§ **What you have to do**
All of the entries below are to be retyped exactly.

Dataset content Block Start

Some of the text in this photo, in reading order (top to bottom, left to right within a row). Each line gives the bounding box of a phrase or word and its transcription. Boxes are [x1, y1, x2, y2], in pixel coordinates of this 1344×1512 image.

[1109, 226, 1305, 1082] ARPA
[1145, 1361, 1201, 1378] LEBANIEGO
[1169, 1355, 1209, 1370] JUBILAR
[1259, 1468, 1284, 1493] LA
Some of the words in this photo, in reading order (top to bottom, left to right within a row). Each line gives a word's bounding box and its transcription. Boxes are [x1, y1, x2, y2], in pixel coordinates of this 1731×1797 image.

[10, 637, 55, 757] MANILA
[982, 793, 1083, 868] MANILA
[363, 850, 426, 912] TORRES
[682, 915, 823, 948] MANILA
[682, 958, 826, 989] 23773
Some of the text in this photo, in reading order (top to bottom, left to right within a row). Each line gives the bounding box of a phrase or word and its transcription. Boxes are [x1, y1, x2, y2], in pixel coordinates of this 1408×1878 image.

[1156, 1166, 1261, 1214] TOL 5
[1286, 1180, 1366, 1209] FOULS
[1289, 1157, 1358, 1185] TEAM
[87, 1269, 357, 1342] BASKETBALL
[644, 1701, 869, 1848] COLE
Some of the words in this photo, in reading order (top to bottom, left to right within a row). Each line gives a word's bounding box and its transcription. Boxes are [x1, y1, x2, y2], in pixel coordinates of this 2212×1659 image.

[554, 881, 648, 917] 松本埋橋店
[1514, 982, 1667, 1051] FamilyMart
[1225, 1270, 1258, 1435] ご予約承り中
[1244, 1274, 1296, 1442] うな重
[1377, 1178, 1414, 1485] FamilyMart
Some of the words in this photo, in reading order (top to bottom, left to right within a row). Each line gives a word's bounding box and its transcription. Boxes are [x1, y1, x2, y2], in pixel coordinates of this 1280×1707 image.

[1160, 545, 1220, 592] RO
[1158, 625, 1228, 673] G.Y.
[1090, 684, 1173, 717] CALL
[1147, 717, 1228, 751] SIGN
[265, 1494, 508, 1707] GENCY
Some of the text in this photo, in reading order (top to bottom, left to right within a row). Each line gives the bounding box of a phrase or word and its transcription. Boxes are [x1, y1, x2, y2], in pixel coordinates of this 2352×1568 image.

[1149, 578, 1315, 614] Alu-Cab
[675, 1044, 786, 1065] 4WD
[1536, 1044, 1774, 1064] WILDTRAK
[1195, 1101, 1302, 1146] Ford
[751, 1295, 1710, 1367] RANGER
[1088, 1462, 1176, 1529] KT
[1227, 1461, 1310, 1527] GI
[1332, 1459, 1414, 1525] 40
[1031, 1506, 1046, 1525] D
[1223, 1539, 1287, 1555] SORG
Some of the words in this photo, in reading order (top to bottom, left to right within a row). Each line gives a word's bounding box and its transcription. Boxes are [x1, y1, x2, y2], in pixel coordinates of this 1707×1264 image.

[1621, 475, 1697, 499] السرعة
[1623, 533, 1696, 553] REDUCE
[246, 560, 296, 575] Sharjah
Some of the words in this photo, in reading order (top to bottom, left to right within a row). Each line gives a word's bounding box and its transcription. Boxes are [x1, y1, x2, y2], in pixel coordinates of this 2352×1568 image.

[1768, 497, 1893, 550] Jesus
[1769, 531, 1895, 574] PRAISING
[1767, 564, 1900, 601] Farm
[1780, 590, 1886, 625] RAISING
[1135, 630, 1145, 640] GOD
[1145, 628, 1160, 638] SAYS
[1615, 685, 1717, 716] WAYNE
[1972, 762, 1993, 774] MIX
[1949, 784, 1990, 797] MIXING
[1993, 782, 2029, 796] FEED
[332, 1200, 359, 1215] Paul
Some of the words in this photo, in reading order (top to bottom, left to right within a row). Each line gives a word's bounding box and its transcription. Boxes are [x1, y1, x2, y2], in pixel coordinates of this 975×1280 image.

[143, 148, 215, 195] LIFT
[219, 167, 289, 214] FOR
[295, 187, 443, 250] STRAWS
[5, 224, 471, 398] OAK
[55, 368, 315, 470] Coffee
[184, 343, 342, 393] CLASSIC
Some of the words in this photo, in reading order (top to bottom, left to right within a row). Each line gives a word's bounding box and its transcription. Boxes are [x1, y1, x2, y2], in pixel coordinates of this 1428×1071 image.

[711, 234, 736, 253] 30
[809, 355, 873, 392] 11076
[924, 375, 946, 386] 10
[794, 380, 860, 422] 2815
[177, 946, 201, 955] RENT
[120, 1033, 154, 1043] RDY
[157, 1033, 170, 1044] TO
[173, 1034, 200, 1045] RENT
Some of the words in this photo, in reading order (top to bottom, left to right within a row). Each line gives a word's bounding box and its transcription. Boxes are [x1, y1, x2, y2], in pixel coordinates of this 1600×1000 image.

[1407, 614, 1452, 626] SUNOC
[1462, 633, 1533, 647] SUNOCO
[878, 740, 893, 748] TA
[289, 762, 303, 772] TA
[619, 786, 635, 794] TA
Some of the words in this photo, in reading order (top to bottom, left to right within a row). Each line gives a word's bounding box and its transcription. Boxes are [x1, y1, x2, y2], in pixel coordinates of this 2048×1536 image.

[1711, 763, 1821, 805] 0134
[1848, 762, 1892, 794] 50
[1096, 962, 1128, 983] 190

Dataset content Block End

§ **Result for this task**
Some of the text in this photo, in reading order (top to bottom, left to right within a row). Each line gives the bounding box of a phrase or word and its transcription. Boxes are [x1, y1, x2, y2], in pixel coordinates of this 1344×1512 image.

[1109, 226, 1305, 1082] ARPA
[1145, 1361, 1201, 1378] LEBANIEGO
[1169, 1355, 1209, 1370] JUBILAR
[1259, 1468, 1284, 1493] LA
Some of the words in this photo, in reading order (top to bottom, left to right within a row). Each line gives a word's bounding box and its transcription. Boxes are [x1, y1, x2, y2], in pixel coordinates of this 1731×1797 image.

[10, 637, 55, 757] MANILA
[982, 793, 1083, 868] MANILA
[363, 850, 426, 912] TORRES
[682, 915, 823, 948] MANILA
[682, 958, 826, 989] 23773
Some of the text in this photo, in reading order (top to bottom, left to right within a row). Each line gives the bounding box of a phrase or word and its transcription. Boxes are [x1, y1, x2, y2], in pixel coordinates of this 1408×1878 image.

[1156, 1166, 1261, 1214] TOL 5
[1286, 1180, 1366, 1209] FOULS
[1289, 1157, 1358, 1185] TEAM
[87, 1269, 357, 1342] BASKETBALL
[644, 1701, 869, 1848] COLE
Some of the words in this photo, in reading order (top to bottom, left to right within a row). Each line gives a word's bounding box and its transcription. Boxes are [x1, y1, x2, y2], in pixel coordinates of this 2212×1659 image.

[554, 881, 648, 917] 松本埋橋店
[1514, 982, 1667, 1051] FamilyMart
[1225, 1270, 1258, 1435] ご予約承り中
[1244, 1274, 1296, 1442] うな重
[1377, 1178, 1414, 1485] FamilyMart
Some of the words in this photo, in reading order (top to bottom, left to right within a row). Each line gives a word's bounding box and its transcription. Boxes are [x1, y1, x2, y2], in pixel coordinates of this 1280×1707 image.

[1160, 545, 1220, 592] RO
[1158, 625, 1228, 673] G.Y.
[1090, 684, 1173, 717] CALL
[1147, 717, 1228, 751] SIGN
[265, 1494, 508, 1707] GENCY
Some of the text in this photo, in reading order (top to bottom, left to right within a row). Each line gives the bounding box of a phrase or word and its transcription. Boxes are [x1, y1, x2, y2], in pixel coordinates of this 2352×1568 image.

[1149, 578, 1315, 614] Alu-Cab
[675, 1044, 786, 1065] 4WD
[1536, 1044, 1774, 1064] WILDTRAK
[1195, 1101, 1302, 1146] Ford
[751, 1295, 1710, 1367] RANGER
[1088, 1462, 1176, 1529] KT
[1227, 1461, 1310, 1527] GI
[1332, 1459, 1414, 1525] 40
[1031, 1506, 1046, 1525] D
[1223, 1539, 1287, 1555] SORG
Some of the words in this photo, in reading order (top to bottom, left to right within a row). Each line gives a word's bounding box and its transcription. Boxes are [x1, y1, x2, y2], in pixel coordinates of this 1707×1264 image.

[1621, 475, 1697, 499] السرعة
[1623, 533, 1696, 553] REDUCE
[246, 560, 296, 575] Sharjah
Some of the words in this photo, in reading order (top to bottom, left to right within a row). Each line gives a word's bounding box and its transcription. Boxes are [x1, y1, x2, y2], in pixel coordinates of this 2352×1568 image.

[1768, 497, 1893, 550] Jesus
[1769, 531, 1895, 574] PRAISING
[1767, 564, 1900, 601] Farm
[1780, 590, 1886, 625] RAISING
[1135, 630, 1145, 640] GOD
[1145, 628, 1160, 638] SAYS
[1615, 685, 1717, 716] WAYNE
[1972, 762, 1993, 774] MIX
[1949, 784, 1990, 797] MIXING
[1993, 782, 2029, 796] FEED
[332, 1200, 359, 1215] Paul
Some of the words in this photo, in reading order (top to bottom, left to right within a row). Each line gives a word's bounding box and its transcription. Boxes are [x1, y1, x2, y2], in pixel coordinates of this 975×1280 image.

[143, 148, 215, 195] LIFT
[219, 167, 289, 214] FOR
[295, 187, 443, 250] STRAWS
[5, 224, 471, 398] OAK
[55, 368, 315, 470] Coffee
[184, 343, 342, 393] CLASSIC
Some of the words in this photo, in reading order (top to bottom, left to right within a row). Each line gives a word's bounding box and its transcription. Boxes are [x1, y1, x2, y2], in pixel coordinates of this 1428×1071 image.

[711, 234, 736, 253] 30
[809, 355, 873, 392] 11076
[924, 375, 946, 386] 10
[794, 380, 860, 422] 2815
[177, 946, 201, 955] RENT
[120, 1033, 154, 1043] RDY
[157, 1033, 170, 1044] TO
[173, 1034, 200, 1045] RENT
Some of the words in this photo, in reading order (top to bottom, left to right within a row). Each line gives a word's bounding box and its transcription. Boxes are [x1, y1, x2, y2], in pixel coordinates of this 1600×1000 image.

[1407, 614, 1452, 626] SUNOC
[1462, 633, 1533, 647] SUNOCO
[878, 740, 893, 748] TA
[289, 762, 303, 772] TA
[619, 786, 635, 794] TA
Some of the words in this photo, in reading order (top to bottom, left to right within a row). Each line gives a word's bounding box and its transcription. Boxes are [x1, y1, x2, y2], in pixel coordinates of this 2048×1536 image.

[1711, 763, 1821, 805] 0134
[1848, 762, 1892, 794] 50
[1096, 962, 1128, 983] 190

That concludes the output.